▼

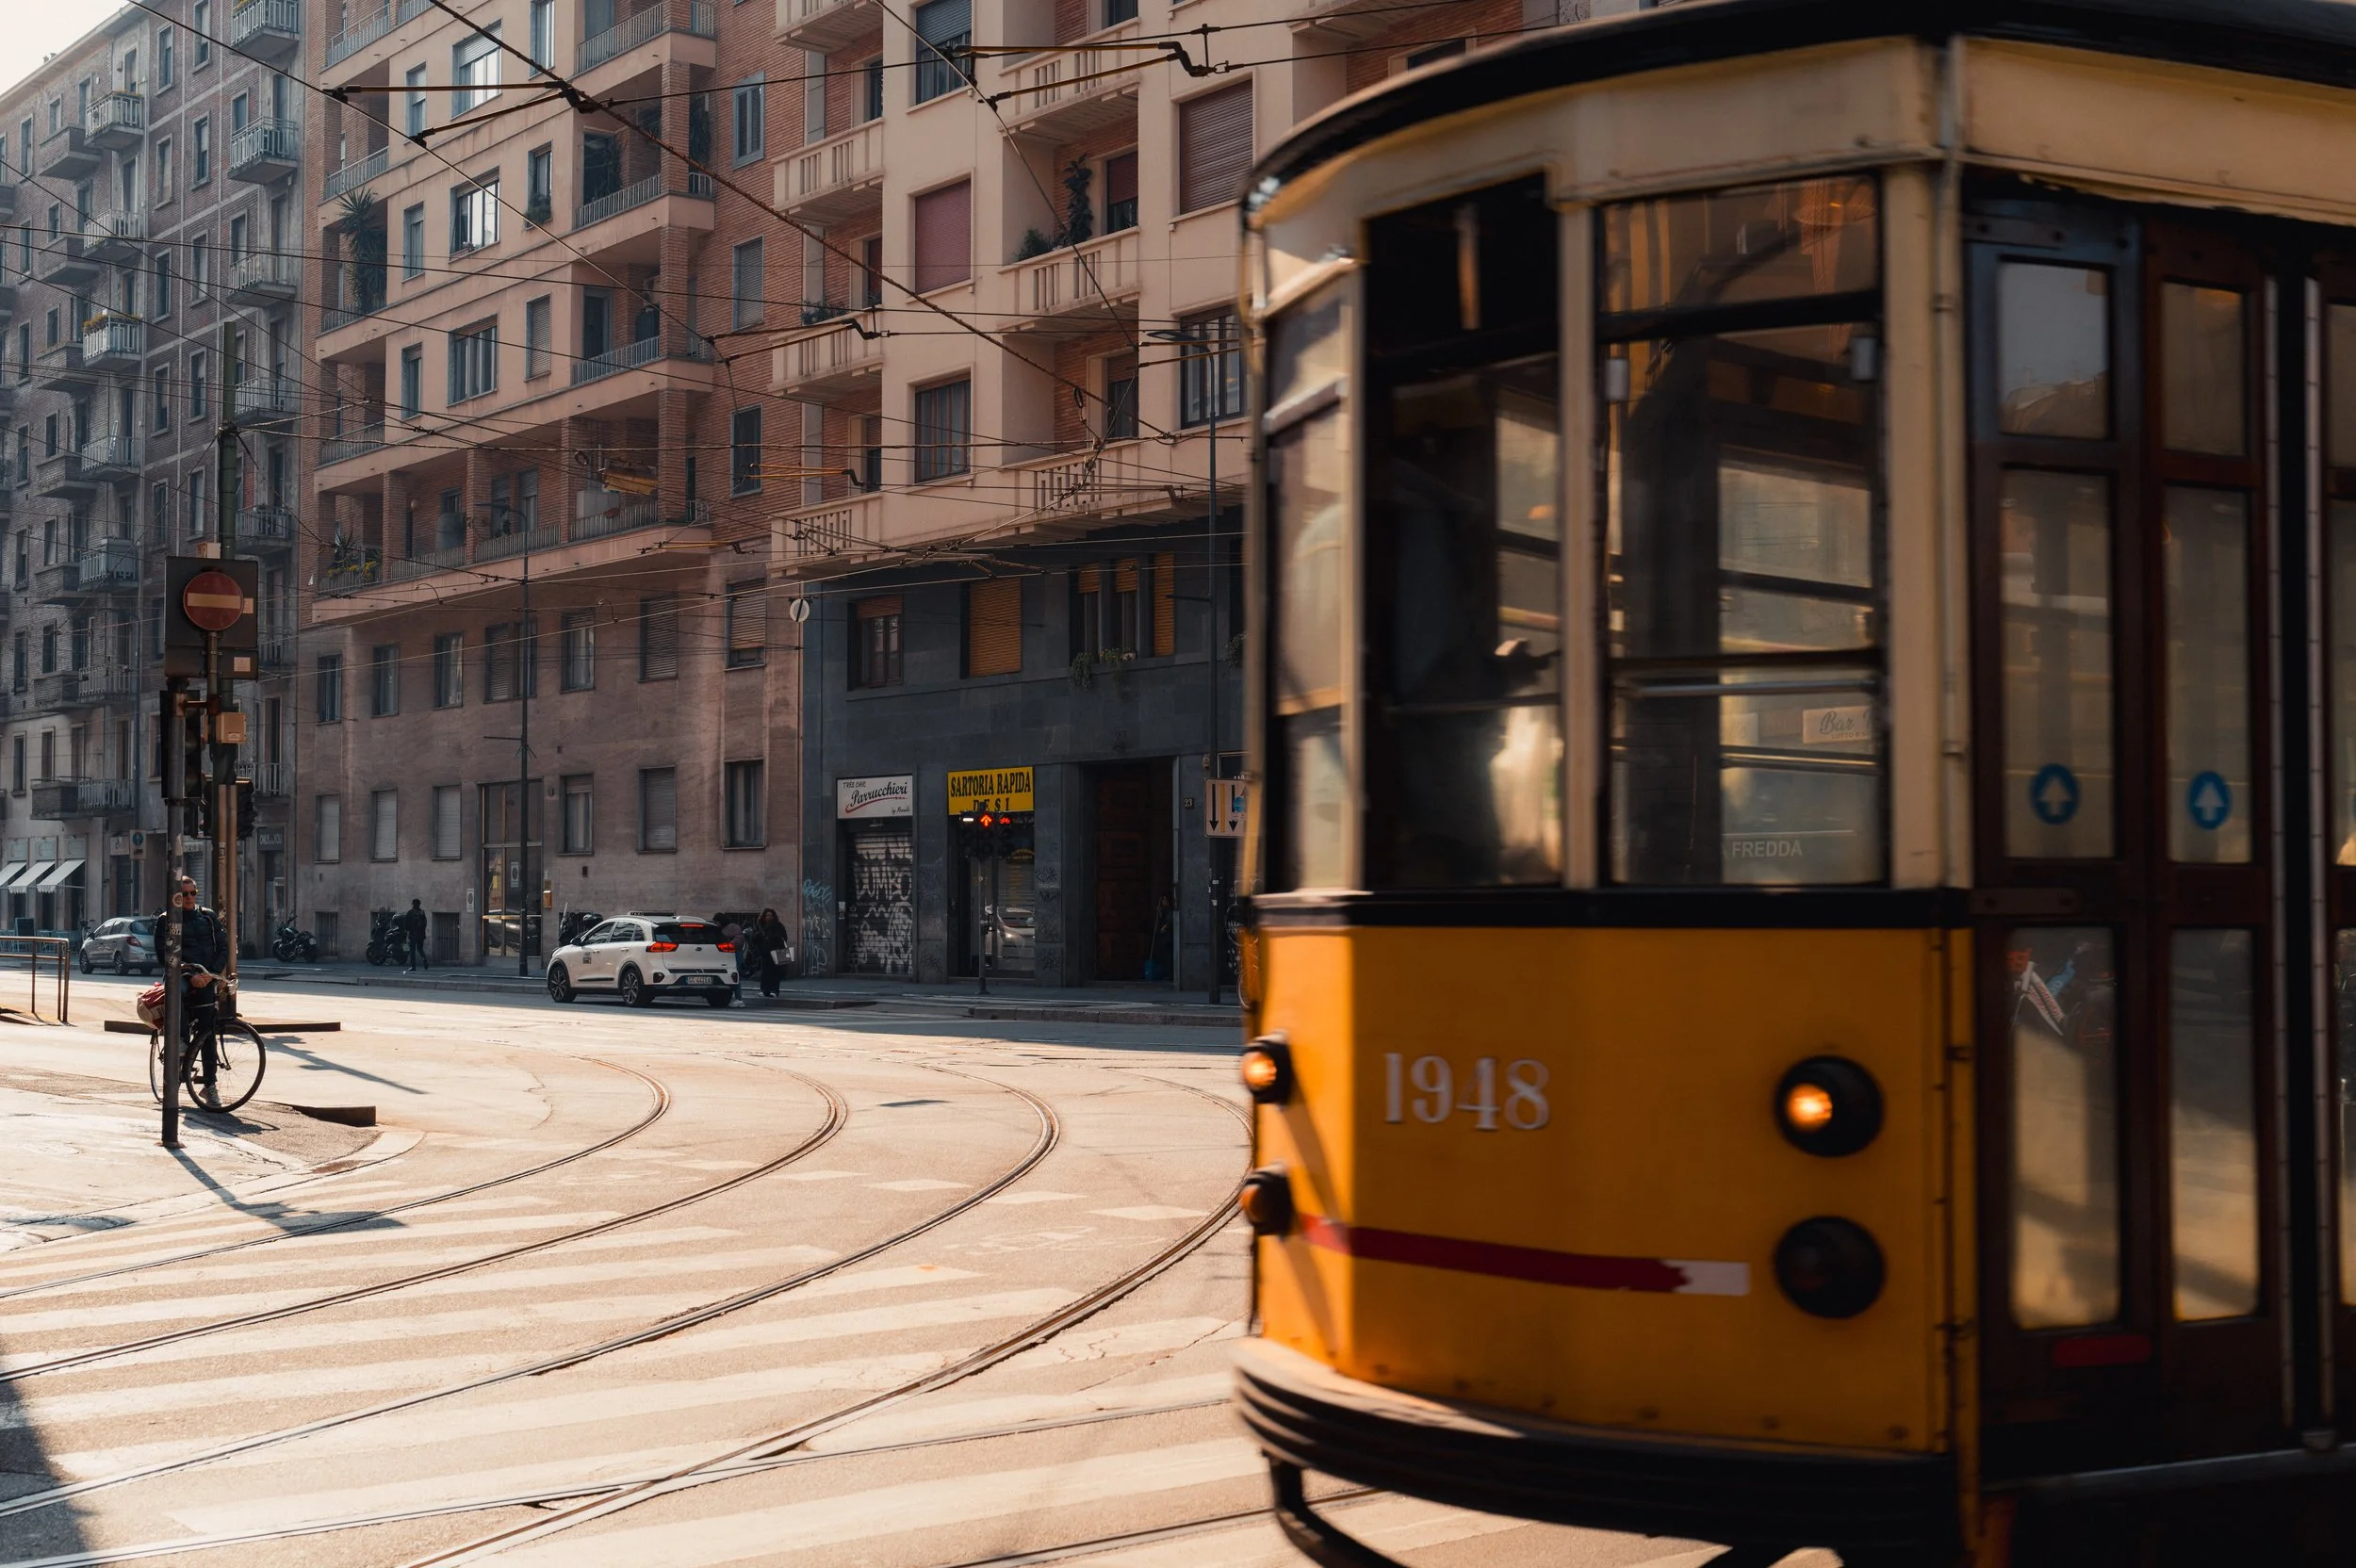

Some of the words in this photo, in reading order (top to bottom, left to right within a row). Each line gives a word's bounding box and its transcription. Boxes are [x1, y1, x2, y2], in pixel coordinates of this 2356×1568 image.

[1819, 710, 1855, 734] Bar
[850, 781, 908, 807] Parrucchieri
[950, 774, 994, 797] SARTORIA
[997, 771, 1031, 794] RAPIDA
[1732, 841, 1803, 858] FREDDA
[1384, 1053, 1550, 1131] 1948

▲

_Task prompt_
Return the listing above in full and exactly, omitting all pictures.

_Solution to the problem_
Some of the words in this photo, in reading order (top to bottom, left to right within a row). Each line gives a word's bounding box and its transcription. Boxes are [x1, y1, x2, y2], in pixel coordinates of this 2356×1568 image.

[1819, 710, 1855, 734] Bar
[850, 781, 908, 807] Parrucchieri
[950, 774, 994, 797] SARTORIA
[997, 771, 1031, 794] RAPIDA
[1732, 841, 1803, 858] FREDDA
[1384, 1053, 1550, 1131] 1948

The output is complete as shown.